Es ist ein Etappensieg, den Heide-Marie Pervölz (72) im Papierkrieg mit der Barmer errungen hat. Hamburgs höchste Sozialrichter haben die Krankenkasse im Eilverfahren dazu verdonnert, sie mit Ersatzschuhen für die kaputt gegangenen Stiefel zu versorgen. „Zum Glück haben die Landessozialrichter ein Einsehen gehabt“, so Pervölz. In erster Instanz war der Antrag im Eilverfahren noch abgelehnt worden (das Elbe Wochenblatt berichtete).
Krankenkasse entschied
anhand kopierter Fotos

Ausschlaggebend war ein Attest des behandelnden Arztes. Er hatte festgestellt, dass die Gefahr bestehe, dass sich Pervölz’ Füße in normalen Straßenschuhen weiter verformen könnten. Mit Folgeschäden wie Pflegebedürftigkeit sei ohne die 2.129,68 Euro teuren Maßschuhe daher zu rechnen.

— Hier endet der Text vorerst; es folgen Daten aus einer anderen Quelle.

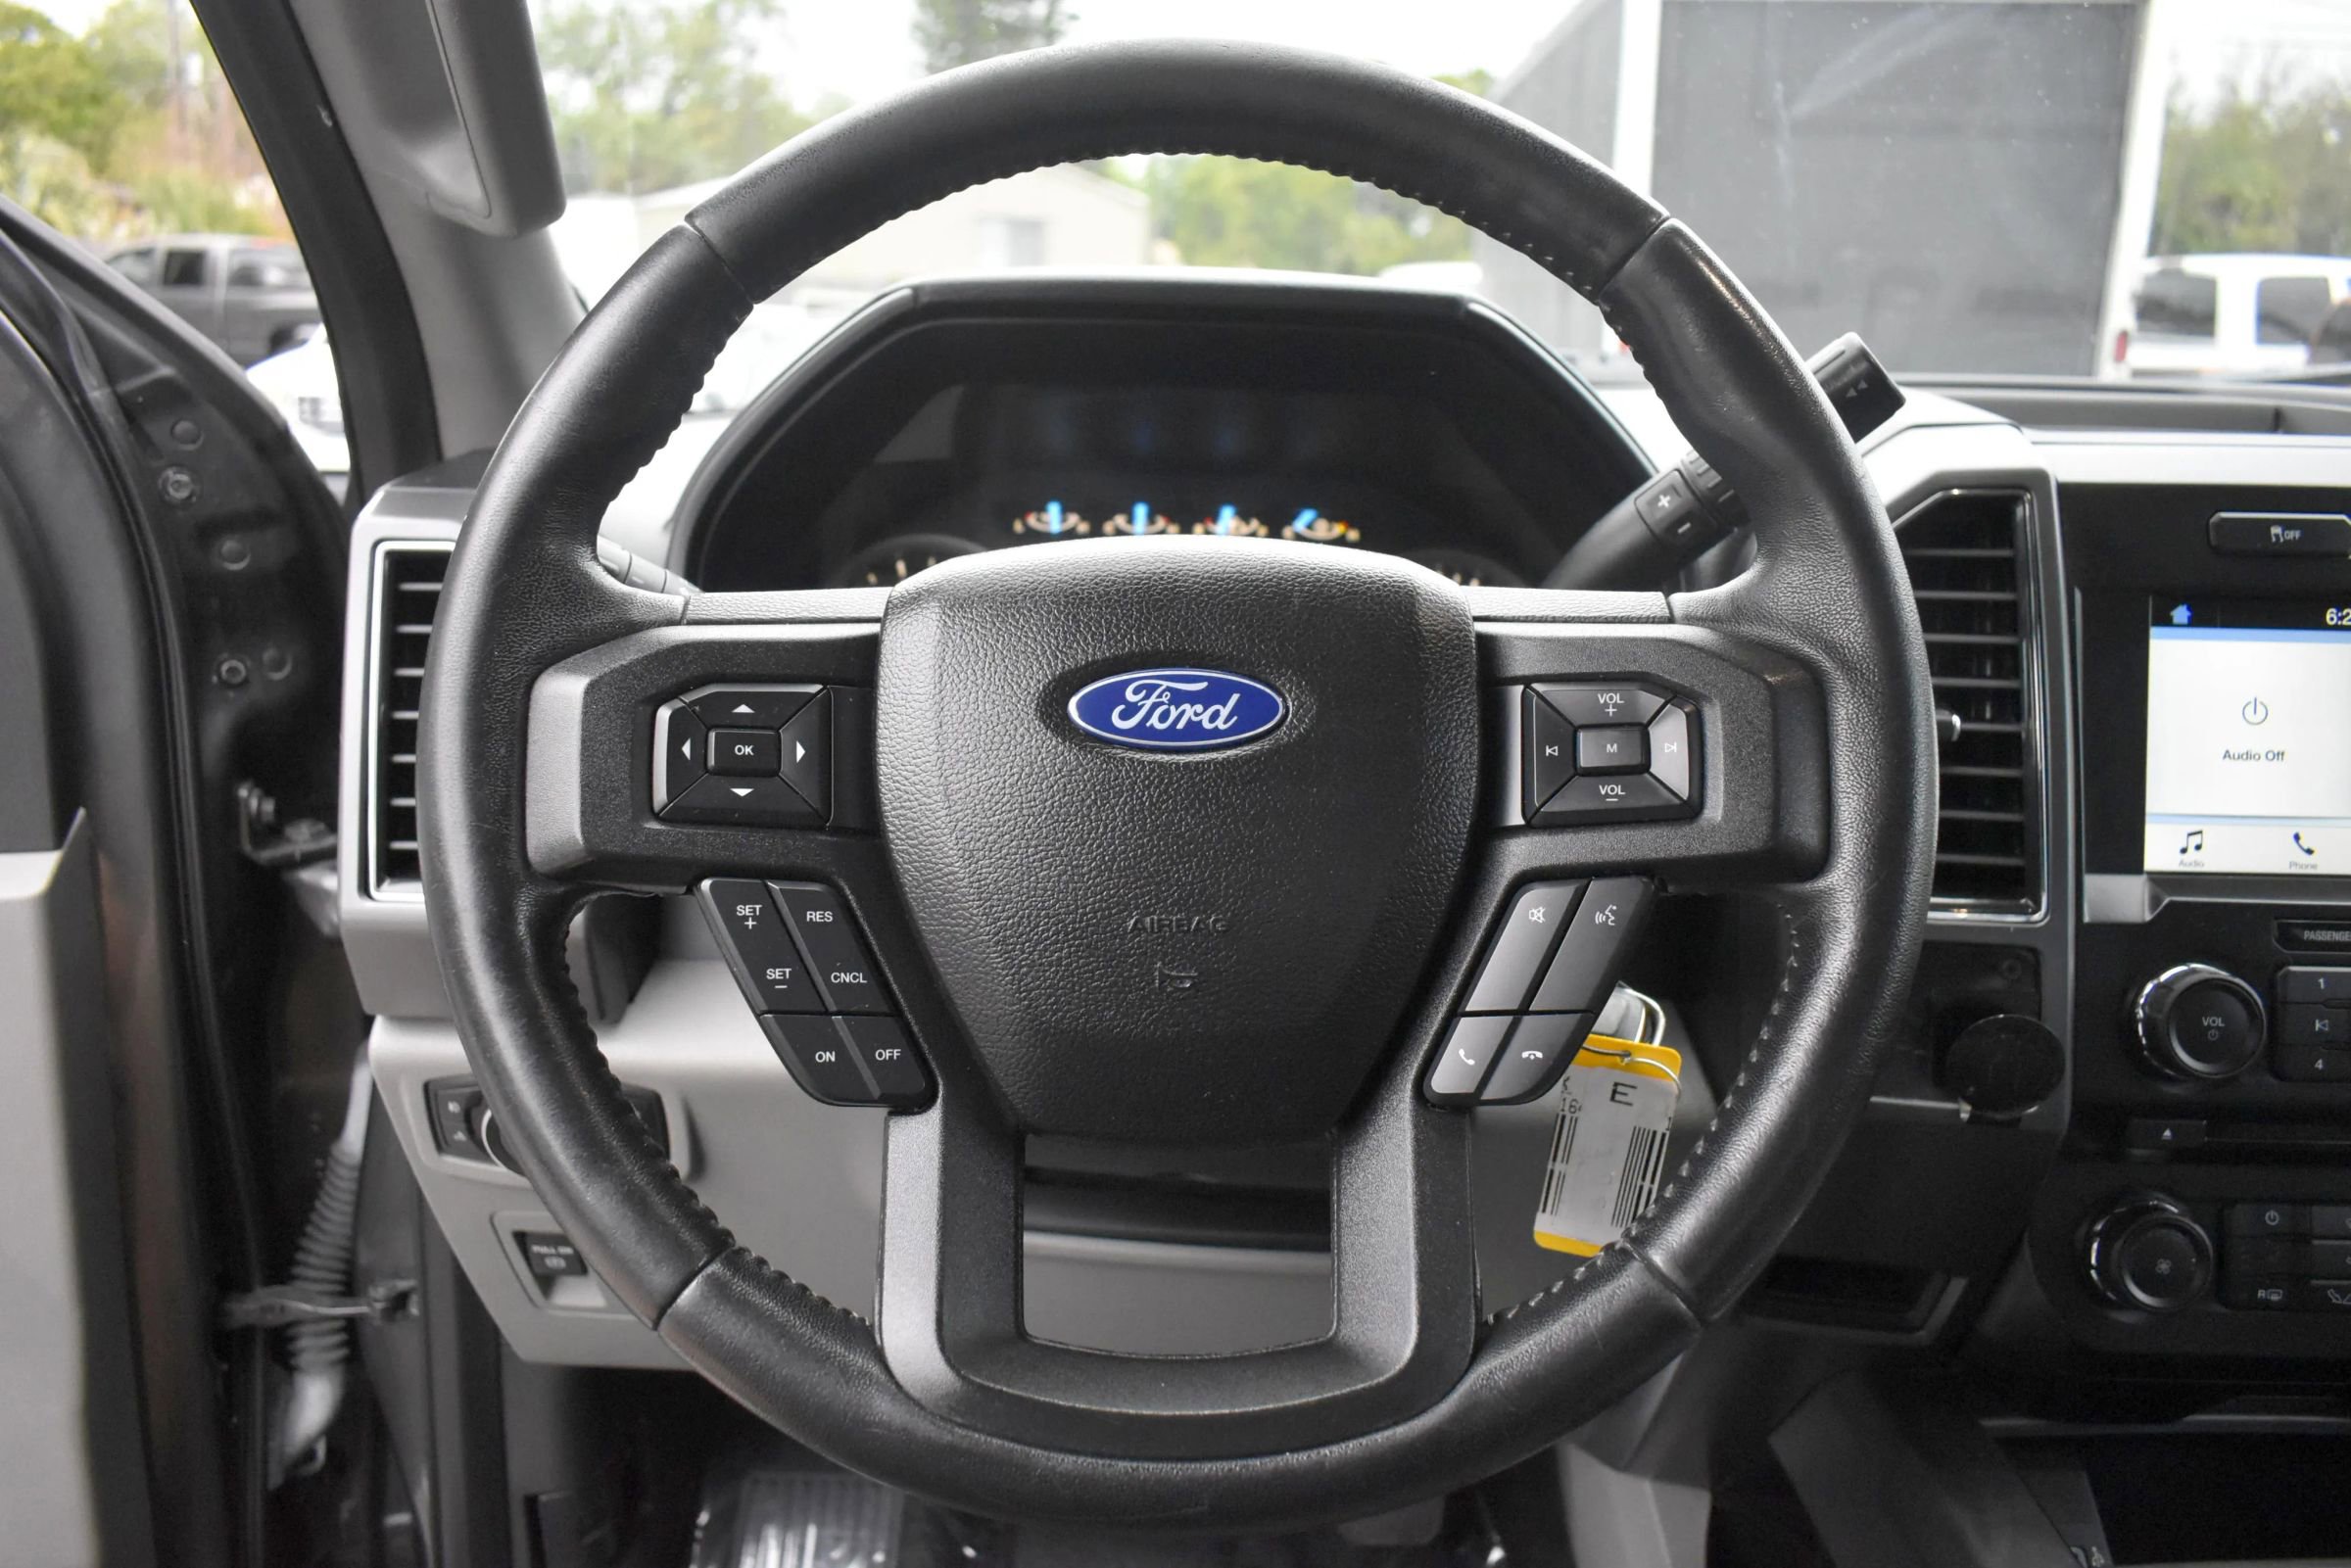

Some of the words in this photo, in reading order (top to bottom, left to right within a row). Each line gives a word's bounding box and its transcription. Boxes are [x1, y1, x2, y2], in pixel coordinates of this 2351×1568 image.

[2283, 530, 2301, 541] OFF
[1597, 692, 1625, 704] VOL
[1111, 679, 1241, 730] Ford
[734, 744, 754, 756] OK
[1606, 742, 1617, 753] M
[2222, 749, 2262, 762] Audio
[2265, 749, 2286, 762] Off
[1599, 784, 1626, 796] VOL
[736, 904, 762, 917] SET
[806, 911, 834, 923] RES
[766, 968, 792, 980] SET
[830, 972, 868, 983] CNCL
[2318, 977, 2325, 989] 1
[2202, 1016, 2226, 1027] VOL
[815, 1051, 836, 1064] ON
[875, 1048, 901, 1061] OFF
[2314, 1059, 2324, 1070] 4
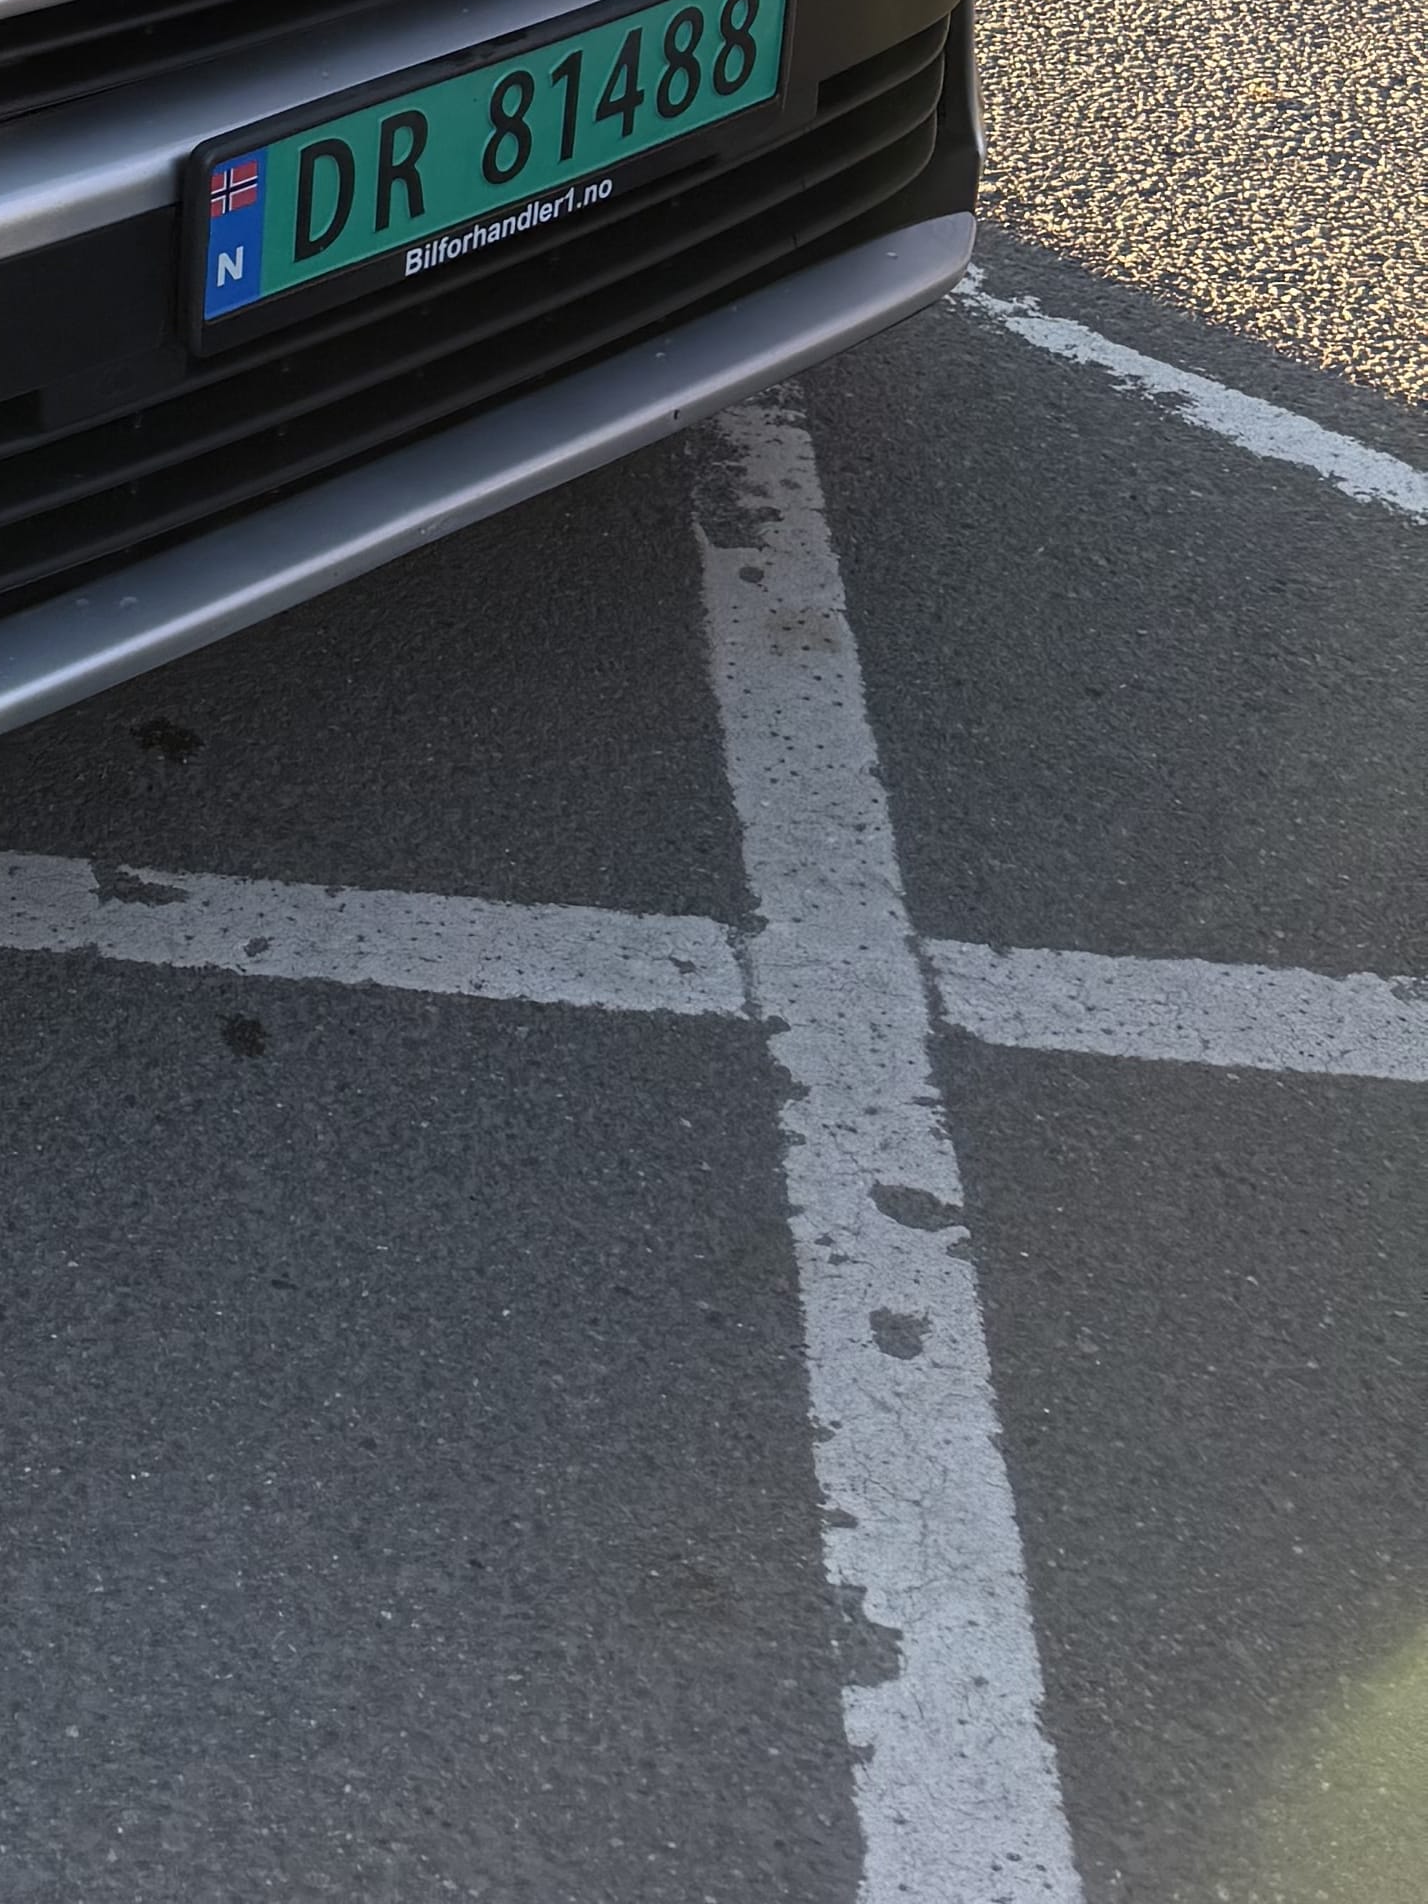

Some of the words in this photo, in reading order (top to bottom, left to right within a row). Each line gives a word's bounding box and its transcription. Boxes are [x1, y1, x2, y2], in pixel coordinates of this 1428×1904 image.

Nicht gut kam es bei Gericht an, dass der Medizinische Dienst der Krankenkasse (MDK) in seinem Gutachten nur auf kopiertes schwarz-weiß Fotomaterial von den Füßen und zwei Fußabdrücke zurückgegriffen hatte, anstatt Frau Pervöz selber zu untersuchen.
„Ich freue mich, dass ich neue Schuhe habe, ohne die ich nicht laufen kann, aber es ist noch möglich, dass ich sie irgendwann zurückgeben muss“, so Pervölz.
Was sie meint: Nachdem das Eilverfahren postiv endete, hat sich Pervölz’ Hoffnung zerschlagen, mit der Barmer keinen langwierigen Prozess führen zu müssen.
Nachdem ihr Widerspruch gegen die Entscheidung des MDK abgelehnt wurde, hat ihre Rechtsanwältin Klage gegen die Barmer einreichen müssen. „Das Verfahren ist für mich eine Belastung. Bislang auch finanziell. Mir ist in beiden Instanzen Prozesskostenhilfe nur in Raten von jeweils 50 Euro monatlich bewilligt worden. Das heißt ich muss monatlich über 100 Euro für beide Instanzen an Gerichts- und Rechtsanwaltskosten zahlen. Das ist uns bei meiner kleinen Rente nicht möglich“, so Pervölz. Sie hofft, dass ihr das Gericht nun Prozesskostenhilfe ohne Ratenzahlung gewährt.
Im sogenannten Hauptsacheverfahren werden die Sozialrichter dann wahrscheinlich ein Sachverständigengutachten einholen. Das Elbe Wochenblatt wird weiter berichten.